Exercise:
Output only these lines, set down exactly: the one containing "this 1320×1760 image." and each line after it through the end of the records.

Collected data:
◆ ◆ ◆ ◆ ◆

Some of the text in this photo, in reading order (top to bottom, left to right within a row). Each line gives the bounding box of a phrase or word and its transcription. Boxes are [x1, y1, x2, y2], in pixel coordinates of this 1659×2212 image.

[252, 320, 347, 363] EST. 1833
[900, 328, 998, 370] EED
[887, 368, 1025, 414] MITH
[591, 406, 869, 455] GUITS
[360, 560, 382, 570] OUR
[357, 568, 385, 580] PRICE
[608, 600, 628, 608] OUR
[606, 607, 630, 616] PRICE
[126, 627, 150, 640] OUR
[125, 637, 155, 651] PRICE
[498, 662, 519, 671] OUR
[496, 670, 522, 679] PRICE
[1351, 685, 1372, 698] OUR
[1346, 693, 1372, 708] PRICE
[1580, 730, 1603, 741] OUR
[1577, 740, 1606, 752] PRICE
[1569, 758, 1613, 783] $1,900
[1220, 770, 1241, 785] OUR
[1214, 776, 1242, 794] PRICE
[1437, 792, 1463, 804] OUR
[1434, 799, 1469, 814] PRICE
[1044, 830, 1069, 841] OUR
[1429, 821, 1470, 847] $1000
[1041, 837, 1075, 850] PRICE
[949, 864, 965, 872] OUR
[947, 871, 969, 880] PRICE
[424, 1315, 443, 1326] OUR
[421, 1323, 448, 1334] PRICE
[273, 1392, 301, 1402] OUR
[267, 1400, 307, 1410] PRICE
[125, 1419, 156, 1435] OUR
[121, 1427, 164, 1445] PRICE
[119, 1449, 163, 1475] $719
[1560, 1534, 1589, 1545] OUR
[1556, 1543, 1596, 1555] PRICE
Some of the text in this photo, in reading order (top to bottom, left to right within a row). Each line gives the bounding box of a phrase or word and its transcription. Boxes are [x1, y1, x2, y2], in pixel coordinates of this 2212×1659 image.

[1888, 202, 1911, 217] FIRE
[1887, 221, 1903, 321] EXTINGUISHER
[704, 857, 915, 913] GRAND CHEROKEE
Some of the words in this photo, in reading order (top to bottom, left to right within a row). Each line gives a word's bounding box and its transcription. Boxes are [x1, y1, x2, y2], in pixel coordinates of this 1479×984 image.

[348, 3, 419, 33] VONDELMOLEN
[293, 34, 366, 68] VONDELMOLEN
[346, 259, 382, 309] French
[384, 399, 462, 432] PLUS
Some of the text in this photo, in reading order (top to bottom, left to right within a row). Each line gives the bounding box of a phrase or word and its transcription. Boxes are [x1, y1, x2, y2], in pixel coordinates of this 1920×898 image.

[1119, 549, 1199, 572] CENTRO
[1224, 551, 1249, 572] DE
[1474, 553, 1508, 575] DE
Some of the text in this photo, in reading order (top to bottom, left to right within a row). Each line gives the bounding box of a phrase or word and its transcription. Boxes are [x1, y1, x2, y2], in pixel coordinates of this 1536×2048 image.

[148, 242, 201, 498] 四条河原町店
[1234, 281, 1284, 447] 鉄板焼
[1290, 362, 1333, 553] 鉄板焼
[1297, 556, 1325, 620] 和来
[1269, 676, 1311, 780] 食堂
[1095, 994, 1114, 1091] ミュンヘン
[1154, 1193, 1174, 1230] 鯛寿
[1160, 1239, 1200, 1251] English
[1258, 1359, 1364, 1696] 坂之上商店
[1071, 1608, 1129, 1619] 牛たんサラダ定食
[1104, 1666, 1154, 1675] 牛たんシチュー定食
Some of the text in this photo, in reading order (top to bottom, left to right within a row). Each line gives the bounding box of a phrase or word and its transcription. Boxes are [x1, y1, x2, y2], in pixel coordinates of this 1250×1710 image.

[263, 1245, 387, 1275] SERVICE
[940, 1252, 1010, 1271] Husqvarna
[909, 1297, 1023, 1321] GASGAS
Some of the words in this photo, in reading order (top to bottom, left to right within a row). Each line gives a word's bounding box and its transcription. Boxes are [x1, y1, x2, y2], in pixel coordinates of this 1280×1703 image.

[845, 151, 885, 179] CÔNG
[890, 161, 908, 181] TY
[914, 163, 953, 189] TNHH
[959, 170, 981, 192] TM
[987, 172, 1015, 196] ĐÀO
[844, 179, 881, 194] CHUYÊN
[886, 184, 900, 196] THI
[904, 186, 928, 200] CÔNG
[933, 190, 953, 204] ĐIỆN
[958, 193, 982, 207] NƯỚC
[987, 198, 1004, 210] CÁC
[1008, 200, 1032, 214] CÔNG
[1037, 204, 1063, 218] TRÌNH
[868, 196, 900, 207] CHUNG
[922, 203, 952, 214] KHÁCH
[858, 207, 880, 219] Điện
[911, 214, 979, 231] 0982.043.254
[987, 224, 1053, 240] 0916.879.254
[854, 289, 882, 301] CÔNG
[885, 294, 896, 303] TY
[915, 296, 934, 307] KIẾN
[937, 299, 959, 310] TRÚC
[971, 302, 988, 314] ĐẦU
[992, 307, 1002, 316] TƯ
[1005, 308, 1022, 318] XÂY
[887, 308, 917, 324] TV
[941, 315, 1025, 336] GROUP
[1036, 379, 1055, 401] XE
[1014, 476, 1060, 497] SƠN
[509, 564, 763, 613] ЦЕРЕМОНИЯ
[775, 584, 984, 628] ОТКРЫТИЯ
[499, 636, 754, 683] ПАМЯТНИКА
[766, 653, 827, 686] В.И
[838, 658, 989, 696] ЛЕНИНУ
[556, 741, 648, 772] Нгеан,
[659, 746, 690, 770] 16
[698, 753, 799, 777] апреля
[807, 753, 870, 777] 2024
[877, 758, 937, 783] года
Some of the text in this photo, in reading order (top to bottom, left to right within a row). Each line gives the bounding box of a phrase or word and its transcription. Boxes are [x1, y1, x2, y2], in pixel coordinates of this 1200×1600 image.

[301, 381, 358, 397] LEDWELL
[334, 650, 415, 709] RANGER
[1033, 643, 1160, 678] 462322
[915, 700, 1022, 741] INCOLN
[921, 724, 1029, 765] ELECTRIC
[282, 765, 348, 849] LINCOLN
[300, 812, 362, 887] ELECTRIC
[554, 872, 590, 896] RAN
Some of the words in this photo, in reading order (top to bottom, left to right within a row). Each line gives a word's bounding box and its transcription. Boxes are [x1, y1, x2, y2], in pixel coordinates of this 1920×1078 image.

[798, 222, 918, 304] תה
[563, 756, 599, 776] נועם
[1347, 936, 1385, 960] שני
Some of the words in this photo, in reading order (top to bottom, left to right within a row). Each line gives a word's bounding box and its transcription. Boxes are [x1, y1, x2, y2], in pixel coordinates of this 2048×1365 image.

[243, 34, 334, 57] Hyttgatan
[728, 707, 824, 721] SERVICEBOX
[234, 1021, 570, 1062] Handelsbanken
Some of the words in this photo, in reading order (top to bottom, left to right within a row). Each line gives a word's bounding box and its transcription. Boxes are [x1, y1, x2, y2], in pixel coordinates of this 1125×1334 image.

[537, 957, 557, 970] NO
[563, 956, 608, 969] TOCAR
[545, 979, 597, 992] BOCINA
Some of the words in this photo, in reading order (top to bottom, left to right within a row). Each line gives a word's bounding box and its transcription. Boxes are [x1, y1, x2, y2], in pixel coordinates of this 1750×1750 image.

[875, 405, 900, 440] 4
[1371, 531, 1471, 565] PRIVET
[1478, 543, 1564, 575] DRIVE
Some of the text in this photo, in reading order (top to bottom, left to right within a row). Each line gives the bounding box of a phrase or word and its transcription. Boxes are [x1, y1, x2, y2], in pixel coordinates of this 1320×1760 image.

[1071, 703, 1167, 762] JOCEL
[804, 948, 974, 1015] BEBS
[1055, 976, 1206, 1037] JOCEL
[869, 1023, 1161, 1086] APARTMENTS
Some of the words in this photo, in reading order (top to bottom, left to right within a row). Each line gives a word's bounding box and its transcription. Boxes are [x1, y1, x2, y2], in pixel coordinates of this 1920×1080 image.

◆ ◆ ◆ ◆ ◆

Solution to this problem:
Some of the text in this photo, in reading order (top to bottom, left to right within a row). Each line gives the bounding box of a phrase or word and its transcription. Boxes are [x1, y1, x2, y2], in pixel coordinates of this 1320×1760 image.

[1071, 703, 1167, 762] JOCEL
[804, 948, 974, 1015] BEBS
[1055, 976, 1206, 1037] JOCEL
[869, 1023, 1161, 1086] APARTMENTS
Some of the words in this photo, in reading order (top to bottom, left to right within a row). Each line gives a word's bounding box and its transcription. Boxes are [x1, y1, x2, y2], in pixel coordinates of this 1920×1080 image.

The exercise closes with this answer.